Thursday, May 23, 2013

A Mother's Fear and Pain

Please visit the new blog called Before Vaccines. To quote:
Sitting by her son’s hospital bed, Meleese worried and hoped. The doctor came and checked on him daily; every day, he would start by asking how Meleese younger daughter, then 7 months old, was doing, and he “checked her out from top to toe each time as well as examining my son”. After all, she was at risk too. 
Meleease’s son was only three.  He had rotavirus. Rotavirusis the most common cause of severe diarrhoeal disease in infants and young children globally. Rotavirus is responsible for approximately 527,000* deaths each year, with more than 85% of these deaths occurring in low-income countries in Africa and Asia, and over two million are hospitalized each year with pronounced dehydration.” ; and see here, for detailed numbers. No, it’s not just a stomach bug; According to the CDCRotavirus infection in infants and young children can lead to severe diarrhea, dehydration, electrolyte imbalance, and metabolic acidosis…. In the prevaccine era rotavirus infection was responsible
for more than 400,000 physician visits, more than 200,000 emergency department (ED) visits, 55,000 to 70,000 hospitalizations each year, and 20 to 60 deaths.”
This is what happened to Meleese’s son.
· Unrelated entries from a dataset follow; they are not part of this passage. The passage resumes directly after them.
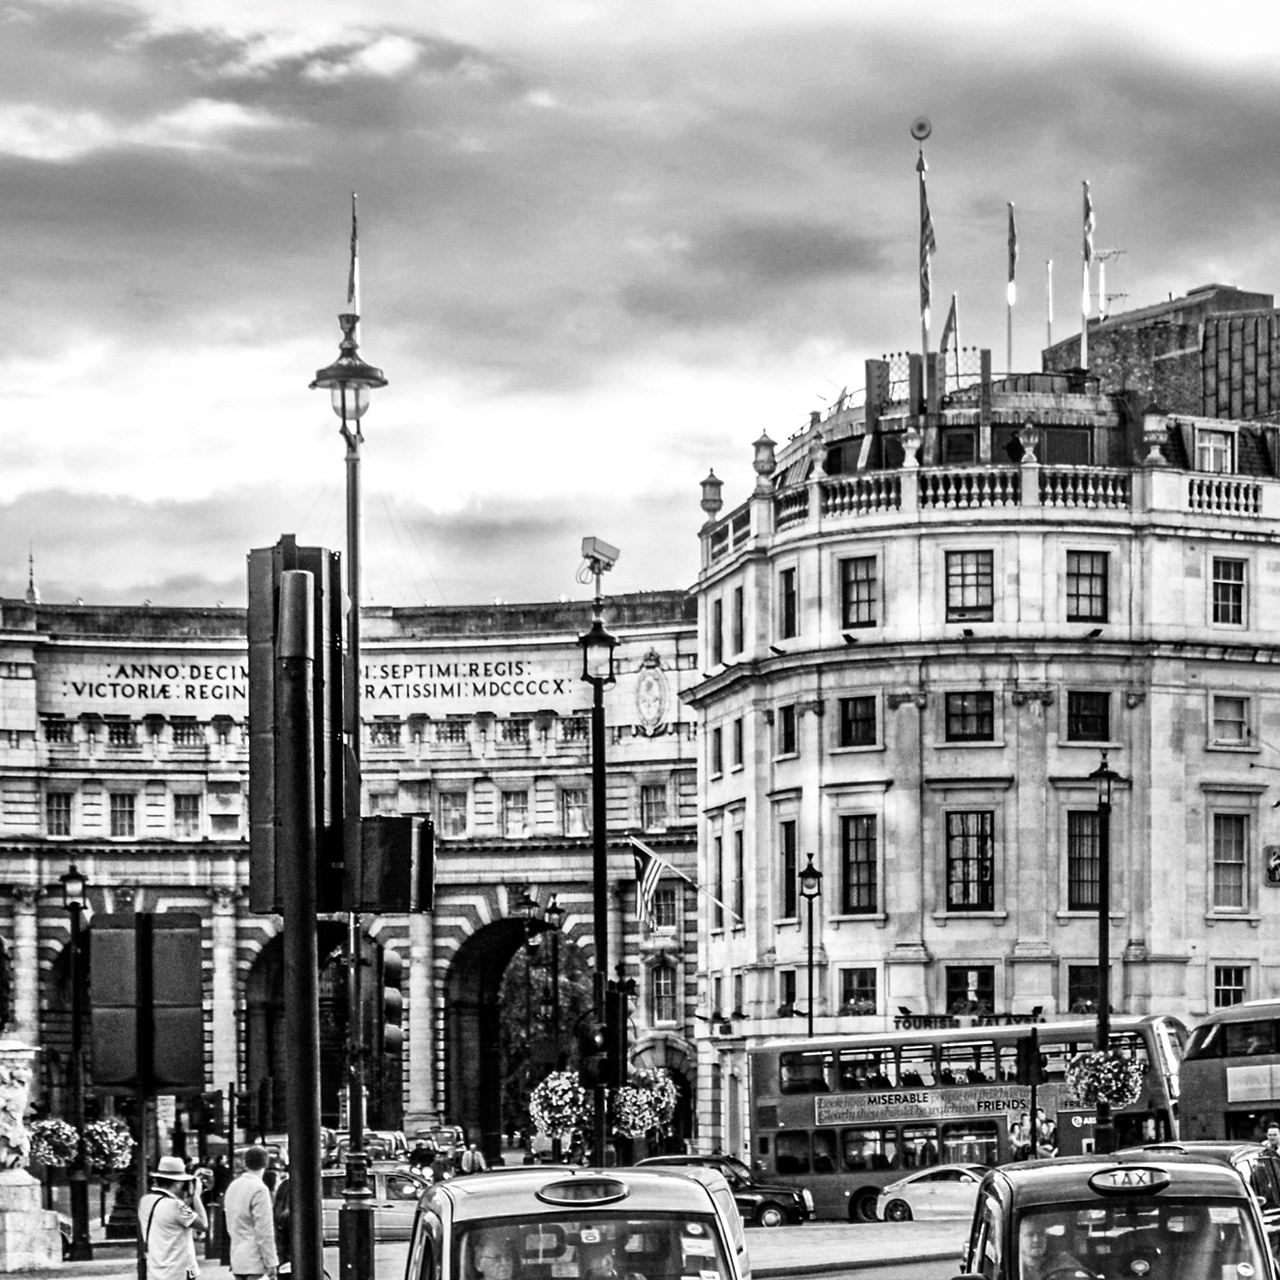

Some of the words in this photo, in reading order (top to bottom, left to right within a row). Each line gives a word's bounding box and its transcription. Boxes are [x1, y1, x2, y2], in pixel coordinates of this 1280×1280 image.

[115, 664, 180, 679] ANNO
[189, 665, 249, 680] DECIM
[185, 684, 246, 700] REGIN
[365, 683, 462, 699] RATISSIMI
[893, 1019, 961, 1030] TOURISM
[867, 1092, 929, 1105] MISERABLE
[1109, 1171, 1154, 1186] TAXI
At the time, there was no vaccine to prevent rotavirus. When the young boy started feeling bad his parents thought he had nothing but a stomach bug that caused diarrhea and vomiting. But the child was suffering, so they took him to the doctor. Three times. The doctor gave them a couple of prescriptions, but they did not help. He was getting worse: throwing up continuously, having severe diarrhea, weakening. The third time the doctor saw the child he sent him directly to the hospital. (Read entire post.)

1 comment:

Proverbs Thirty One Woman said...

Thanks for this. I had to look no further than my mother's baby book to know what so many parents have forgotten today - that before vaccines, childhood was riddled with serious illness. Every year of my mother's life until the age of about 11, she had a disease that could have been life threatening. She spent a great deal of time in bed. This was in the late 30s and 40s.